Accusations that Boris Johnson is a liar who is unfit to be prime minister spread throughout Britain

Posted: 27 July, 2021 | Category: Uncategorized

Boris Johnson  –   Always ready to shape policy around  the findings of the latest opinion polls

 

by Trevor Grundy

 

Rules banning MPs calling one another liars in Parliament need to be overhauled because they come from another age when politicians were more honest than they are today.

In an article written with Labour MP Dawn Butler, the former Speaker John Bercow said in The Times –

“The brutal reality is that the rules are the product of a bygone age when all honourable members sought conscientiously to tell the truth and would quickly apologise and correct the record if they inadvertently misled the House. This prime minister – and, indeed this government – have no such scruples.”

These strong words came a few days after outspoken Dawn Butler woke-up a handful of half-asleep, because of the intense heat, MPs last Friday when she rose and damned Boris Johnson as a liar.

Outspoken Labour MP, Dawn Butler

She said that poor people in Britain had paid with their lives because he’d spent the last 18 months misleading parliament and the country about the Covid pandemic.

She cited incidents including Johnson’s comments to MPs earlier in the month that the Covid vaccination programme had “severed” the link between infections and serious illness or death.

“Not only is this not true,” she said  ”it is dangerous. It’s dangerous to lie in the pandemic. And I’m disappointed the prime minister has not come to the House to correct the record, and to correct the fact that he has lied to this House and the country over and over again.”

Yesterday, the Labour leader Keir Starmer said that Labour member was right to call Johnson a liar because he is “the master of truth and half-truths.”

He told a local radio station: “I agree with what Dawn had to say. The prime minister is the master of untruth and half-truths. And Dawn was simply giving some examples of that. I think there’s a lot of people that feel that it’s the person who’s not telling the truth rather that the person who’s calling it out that ought to be on the hot spot. So, I agree with Dawn on that.”

But he said in fairness he had to say the temporary speaker, Judith Cummings, was right to suspend the Labour MP for the day because Parliament doesn’t allow MPs to call other parliamentarians liars in the chamber.

It might be against rules to call Johnson a liar in Parliament.

But away from that place, it’s another matter altogether.

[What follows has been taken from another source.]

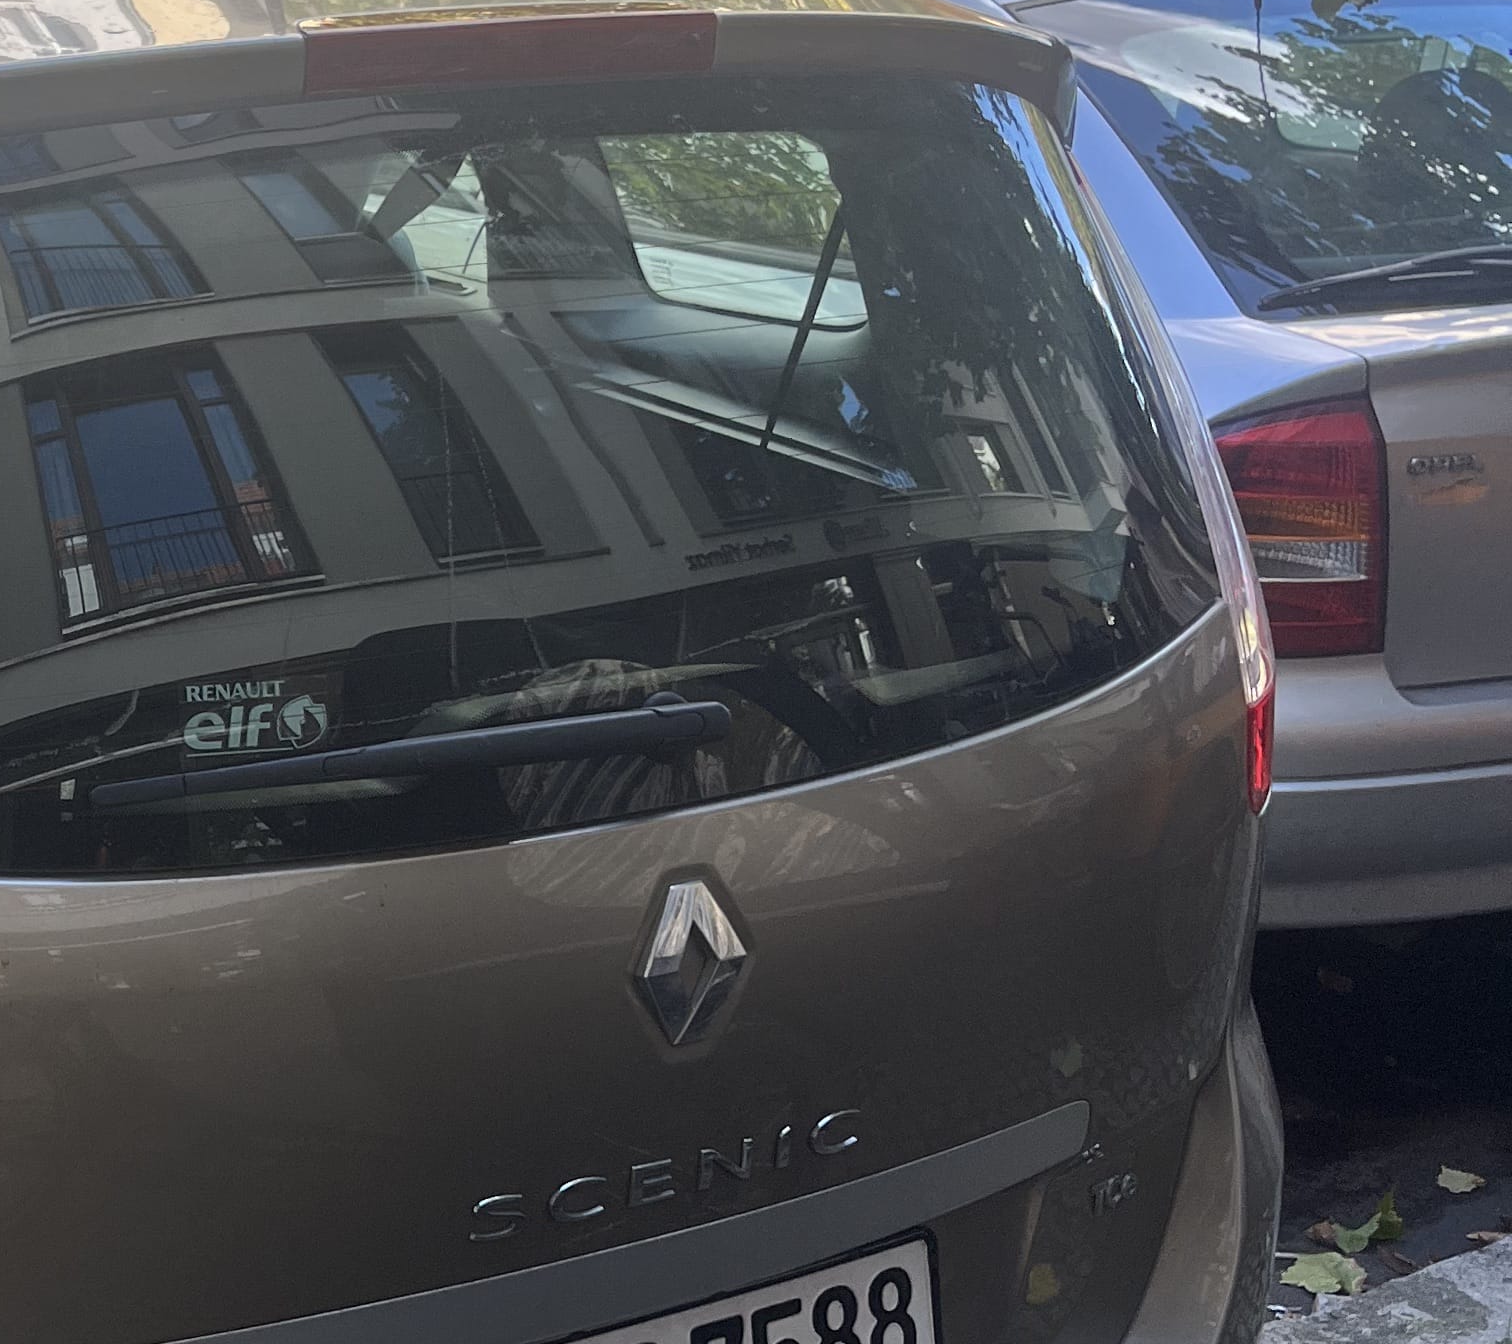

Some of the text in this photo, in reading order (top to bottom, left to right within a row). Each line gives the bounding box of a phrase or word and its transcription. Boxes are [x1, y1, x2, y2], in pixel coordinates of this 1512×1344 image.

[185, 680, 285, 703] RENAULT
[183, 703, 273, 751] elf
[468, 1108, 862, 1241] SCENIC

“It’s hardly a diplomatic secret that Boris Johnson is a liar,” says Sylvie Bermann, a former French ambassador to the UK.

In her book Goodbye Britannia, she portrays Johnson as a charming, jovial, megalomanic driven mostly by xenophobia.

She describes the man largely responsible for Britain leaving Europe in 2016 as a person celebrating a triumph of emotion over reason in a country  that struggles to accept its loss of empire and which is stuck psychologically in the 1940s.

Boris Johnson sees himself as the new Winston Churchill.

Some of his political peers see him  more as a bumbling idiot out of touch with ordinary people.

Recalling the days when he was Boris Johnson’s boss at the right-wing Daily Telegraph, Max Hastings wrote last month – ”He (Johnson) could not recognise the truth, whether about his private or political life, if confronted by it in an identity parade.”

He added that Boris Johnson is not fit for national office “because it seems he cares for no interest save his own fame and gratification.”

One of the most astute readings of what motivates the man came in an article written in The Times (July 13, 2019) by the Conservative commentator, Matthew Parris.

He said he recognised how Johnson thinks because both of them are newspaper columnists.

“Even when as an enfant terrible in Brussels, Mr Johnson called himself a reporter he was essentially a columnist. Then, as now when he bids to be a national leader, I understand him not through acquaintance as a colleague but in the way any dustman or dress designer knows another dustman or dress design er. We know each other through shared engagement in the same pursuit.”

He said that the art of being a columnist was to strike a pose, whether you believed or not in what you were saying, what you were writing.

“Columnism is embracing a plan or project as a faithless man might embrace a woman with an intensity no less sincere for being passing, ever ready to flip the project or lady once their usefulness is past. It is hugging a set of principles fiercely to your breast while (should these principles not work out) keeping a wandering eye out for some spare ones down the back of the sofa.”

We’re reminded of what Groucho Marx said – “These are my principles. If you don’t like them, I have others.”

Parris added – “A columnist learns who the audience are and how to anticipate their response and so must a good political leader.”